I was a teacher at the time - one of those that smirks, tut-tuts and yawns through his colleagues' assemblies, smug in the knowledge that he never has to do one himself. And then I was asked to. Even as I mumbled "yes", I lost the will to live.
I was given plenty of time to prepare for it, but for the first month I did nothing. I was in denial, trusting that I'd be saved by a stroke of good luck - a pools win, perhaps, or a road accident that would keep me cosily bandaged and bed-bound on the date. It was only in the last three weeks or so that the awful truth dawned on me: this could well be the one occasion when a man really was going to have to do what a man has to do.
I started preparing with a vengeance. I read the Bible, or more exactly opened it at random and trusted that God would direct my hovering finger, like a heat-seeking Exocet, to a suitable verse. Omnipotent He might be, a marksman He's not. You try planning a whole assembly around "And Arphaxad begat Salah; and Salah begat Eber".
I spent a disproportionate amount of the preparatory time singing "Lord of the Dance" to the accompaniment of a stopwatch. I discovered that, even if the pianist could be persuaded to play it as a dirge, with the last verse repeated three times, it still left 10 unforgiving minutes to fill. By my calculations, that would require 1,443 words. And only one sprang readily to mind. Help!
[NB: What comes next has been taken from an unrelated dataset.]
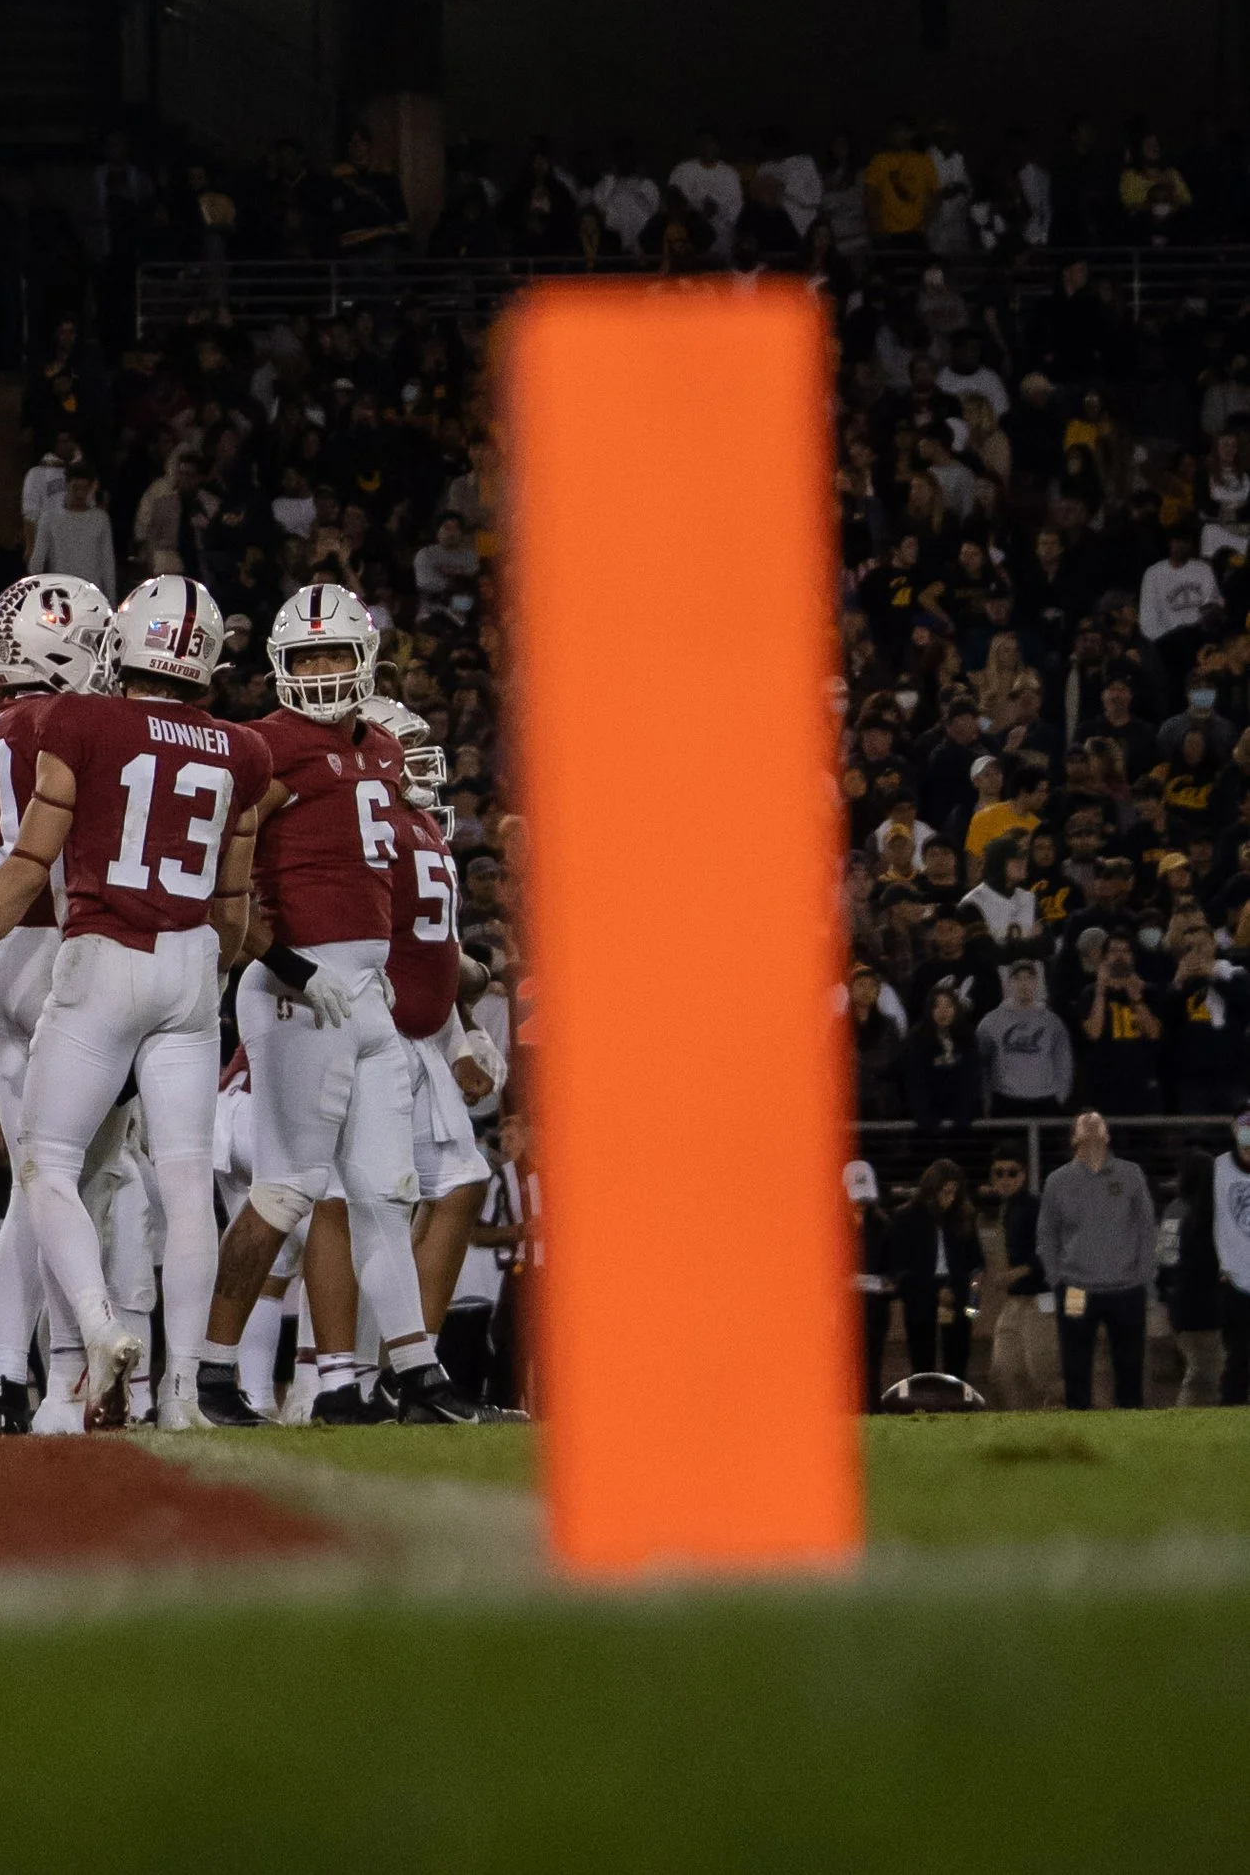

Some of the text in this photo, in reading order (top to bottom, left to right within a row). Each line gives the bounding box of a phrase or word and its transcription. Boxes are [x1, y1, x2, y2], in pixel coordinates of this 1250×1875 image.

I didn't have nightmares about the assembly - because I wasn't sleeping. I wasn't eating. I became strangely ataxic: it was as if each of my limbs had declared unilateral independence. On one of many practice runs, I discovered that several crucial synapses must have imploded: I was no longer able to direct any of the 1,443 bon (-ish) mots from my cerebellum to my vocal chords. All I could manage was a strangulated bark. It might have passed without comment, addressing a basking herd of well-disposed seals, but I reckoned that in a school assembly it might very easily provoke a titter. And a titter, I knew, would destroy me. A sea of upturned faces would witness my final melt-down. Death, I asked, where is thy sting?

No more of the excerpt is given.